Dividing by \(n\) and taking the limit as \(n \to \infty\), the law of large numbers gives

\[ \frac{1}{n} \sum_{i=1}^{n} \log q_\theta(x_i) \xrightarrow{a.s.} \mathbb{E}_{p}[\log q_\theta(X)] = -H(p, q_\theta) \]

where \(H(p, q_\theta) = -\sum_x p(x) \log q_\theta(x)\) is the cross-entropy. Maximizing the expected log-likelihood is therefore equivalent to minimizing the cross-entropy:

\[ \arg\max_\theta \, \mathbb{E}_p[\log q_\theta(X)] = \arg\min_\theta \, H(p, q_\theta) \]

Since \(H(p, q_\theta) = H(p) + D_{\mathrm{KL}}(p \| q_\theta)\) and \(H(p)\) does not depend on \(\theta\), this is also equivalent to minimizing the KL divergence:

\[ \arg\min_\theta \, H(p, q_\theta) = \arg\min_\theta \, D_{\mathrm{KL}}(p \| q_\theta) \]

The Core Equivalence

Maximum likelihood estimation, cross-entropy minimization, and KL divergence minimization all select the same model parameters \(\theta\). The three perspectives are mathematically equivalent.

In practice, we replace the true distribution \(p\) with the empirical distribution \(\hat{p}(x) = \frac{1}{n} \sum_{i=1}^n \mathbf{1}[x_i = x]\), so the training loss becomes the empirical cross-entropy.

Classification Losses

For classification tasks, the model outputs a predicted probability distribution over classes, and the loss function is the negative log-likelihood evaluated at the true class.

Binary cross-entropy. For binary classification with true label \(y \in \{0, 1\}\) and predicted probability \(\hat{p} = q_\theta(Y=1 \mid x)\), the negative log-likelihood for a single example is

\[ \ell(y, \hat{p}) = -y \log \hat{p} - (1 - y) \log(1 - \hat{p}) \]

This is exactly the cross-entropy between the one-hot distribution \(p = (1-y, y)\) and the predicted distribution \(q = (1-\hat{p}, \hat{p})\).

Categorical cross-entropy. For multi-class classification with \(K\) classes, true one-hot label \(\mathbf{y} = (y_1, \ldots, y_K)\), and predicted probabilities \(\hat{\mathbf{p}} = (\hat{p}_1, \ldots, \hat{p}_K)\), the loss is

\[ \ell(\mathbf{y}, \hat{\mathbf{p}}) = -\sum_{k=1}^{K} y_k \log \hat{p}_k \]

Since exactly one \(y_k = 1\) and the rest are zero, this simplifies to \(-\log \hat{p}_c\) where \(c\) is the true class.

Regression Losses

For regression tasks, the connection runs through a Gaussian noise model.

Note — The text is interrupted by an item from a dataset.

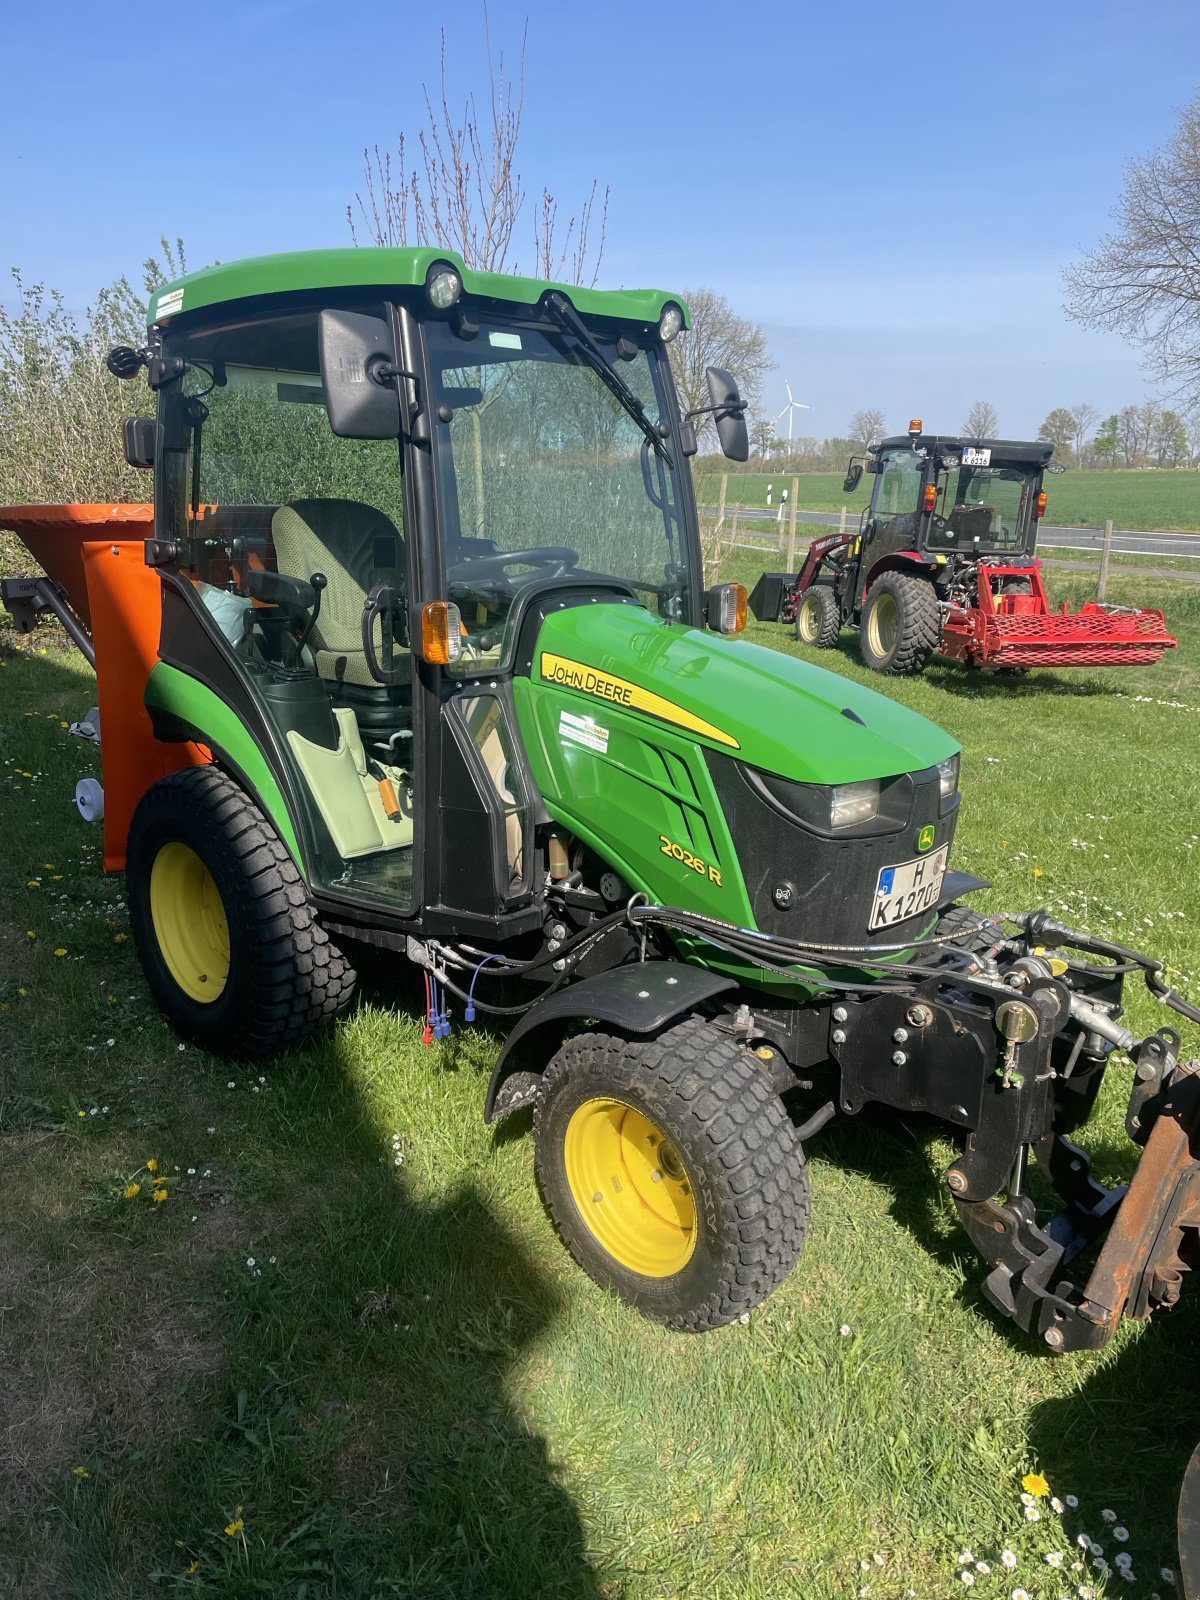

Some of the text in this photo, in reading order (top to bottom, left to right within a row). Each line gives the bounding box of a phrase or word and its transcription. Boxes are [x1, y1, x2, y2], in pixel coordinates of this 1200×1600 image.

Mean squared error from Gaussian MLE. Suppose the model assumes \(Y \mid X = x \sim \mathcal{N}(f_\theta(x), \sigma^2)\) for a fixed noise variance \(\sigma^2\). The negative log-likelihood for one observation \((x_i, y_i)\) is

\[ -\log q_\theta(y_i \mid x_i) = \frac{(y_i - f_\theta(x_i))^2}{2\sigma^2} + \frac{1}{2}\log(2\pi\sigma^2) \]

The second term is constant with respect to \(\theta\), so minimizing the negative log-likelihood reduces to minimizing the mean squared error:

\[ \hat{\theta}_{\mathrm{MLE}} = \arg\min_\theta \frac{1}{n}\sum_{i=1}^{n}(y_i - f_\theta(x_i))^2 \]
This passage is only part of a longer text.